Because water flowers over the landscape, actions taken in one part of the watershed will affect the rest of the watershed. Additionally, small streams flow into larger streams, which means that your local watershed is part of another larger watershed. 



The majority of Columbiana County falls within the Little Beaver Creek Watershed, which means that the Little Beaver Creek, one of its stems, or one of their many tributaries flow throughout the majority of the county. Little Beaver Creek also flows through Carroll County, Mahoning County, and western Pennsylvania. It is composed of the West Fork, Middle Fork, and North Fork, which join at different locations to become the Main Stem of Little Beaver Creek. Several tributaries flow into each stream section, so it is likely that you live within the Little Beaver Creek Watershed as well as one of its many sub-watersheds. In total, the watershed covers approximately 510 square miles. 

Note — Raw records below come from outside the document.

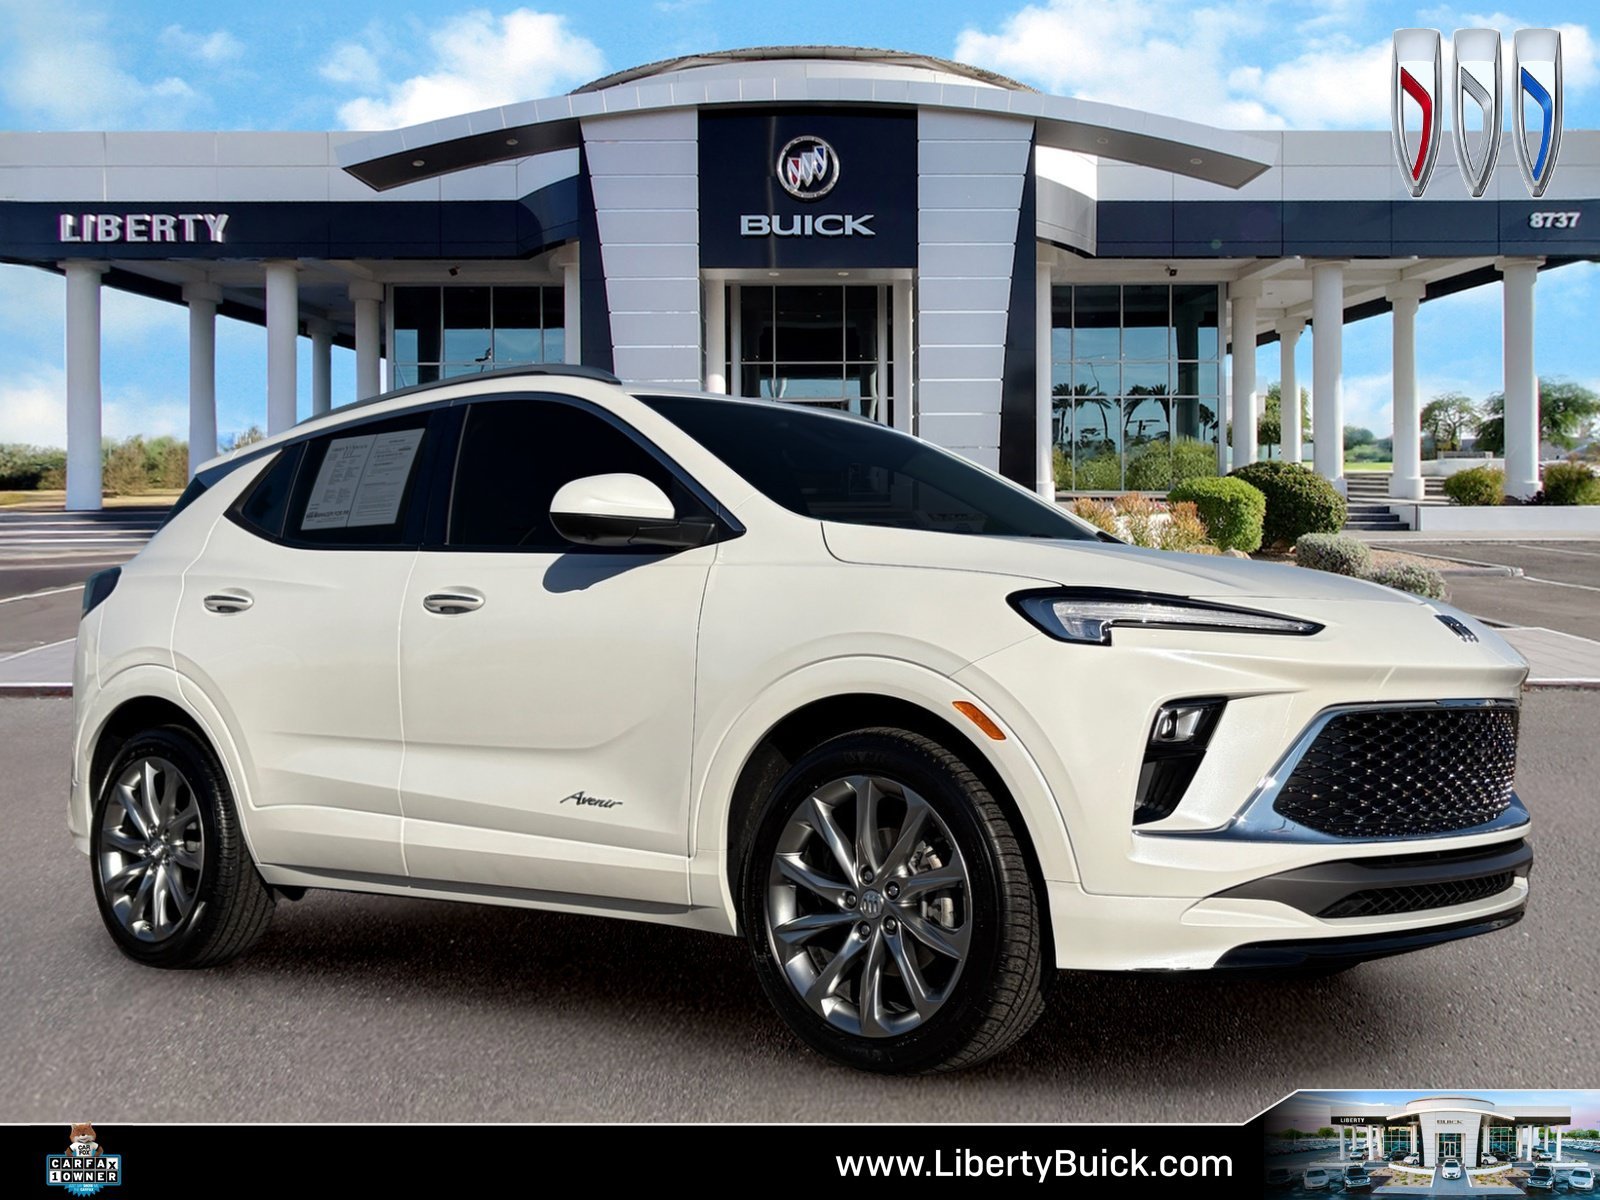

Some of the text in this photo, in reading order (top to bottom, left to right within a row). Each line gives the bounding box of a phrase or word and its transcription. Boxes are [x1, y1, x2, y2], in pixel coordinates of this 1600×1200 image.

[59, 213, 229, 242] LIBERTY
[740, 214, 876, 236] BUICK
[1529, 211, 1581, 229] 8737
[559, 790, 623, 809] Avenir
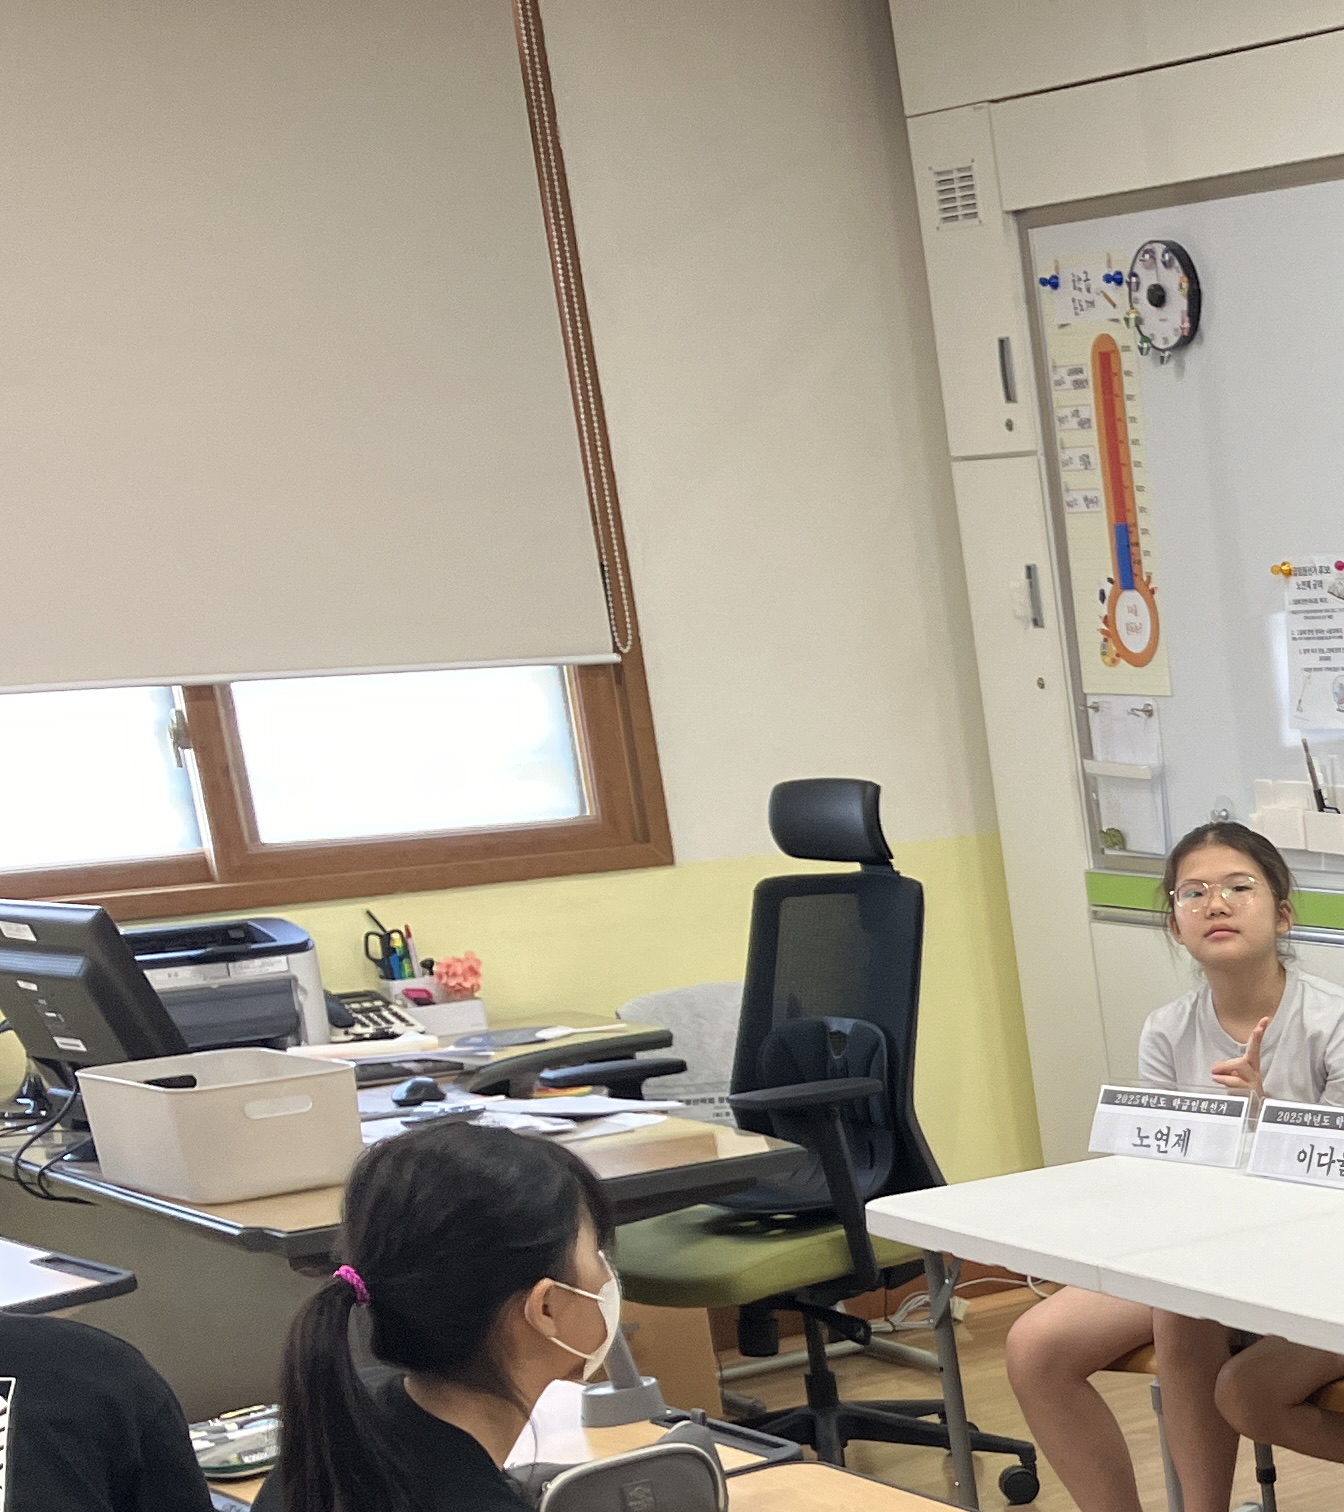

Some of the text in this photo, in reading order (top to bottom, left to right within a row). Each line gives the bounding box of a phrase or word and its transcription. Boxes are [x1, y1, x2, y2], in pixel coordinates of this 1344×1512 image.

[1113, 1092, 1229, 1116] 2025학년도 학급임원선거
[1276, 1109, 1331, 1130] 2025학년도
[1131, 1126, 1193, 1158] 노연제
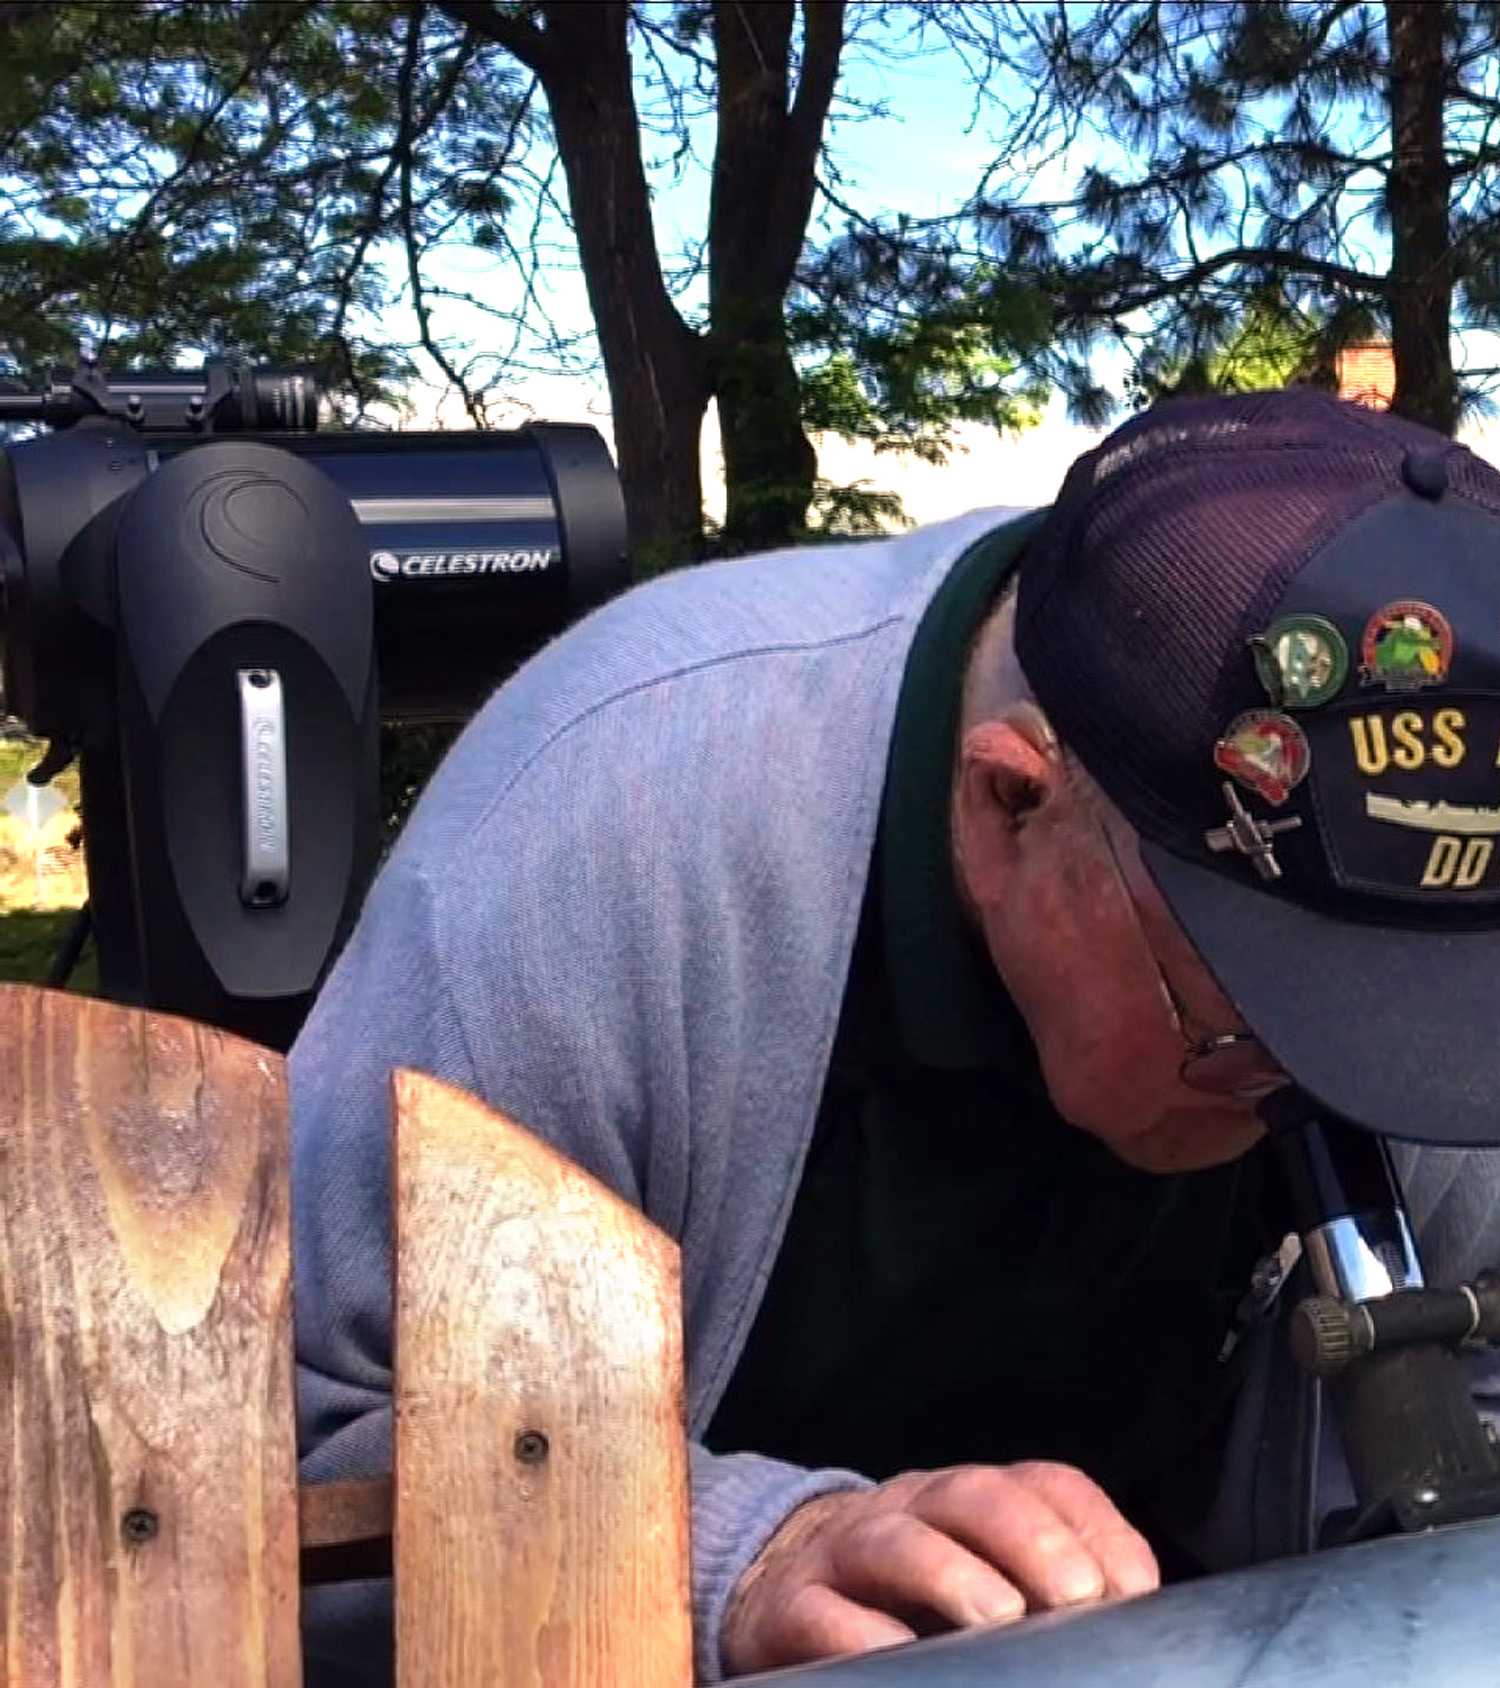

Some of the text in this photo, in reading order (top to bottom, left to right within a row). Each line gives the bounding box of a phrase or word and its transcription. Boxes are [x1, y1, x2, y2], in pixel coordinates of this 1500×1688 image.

[401, 551, 551, 575] CELESTRON
[1350, 708, 1466, 776] USS
[1420, 835, 1494, 889] DD

When it rains, water flows to nearby creeks, streams and rivers. In areas that are not directly next to a body of water, it drains into an underlying aquifer, and in urban cases a storm drain. If streambanks are eroded or there is an excess of organic nutrients in a drainage pattern, sediments and nutrients accumulate. This can result in algal blooms, loss of ecological diversity, and an overall decline in water quality.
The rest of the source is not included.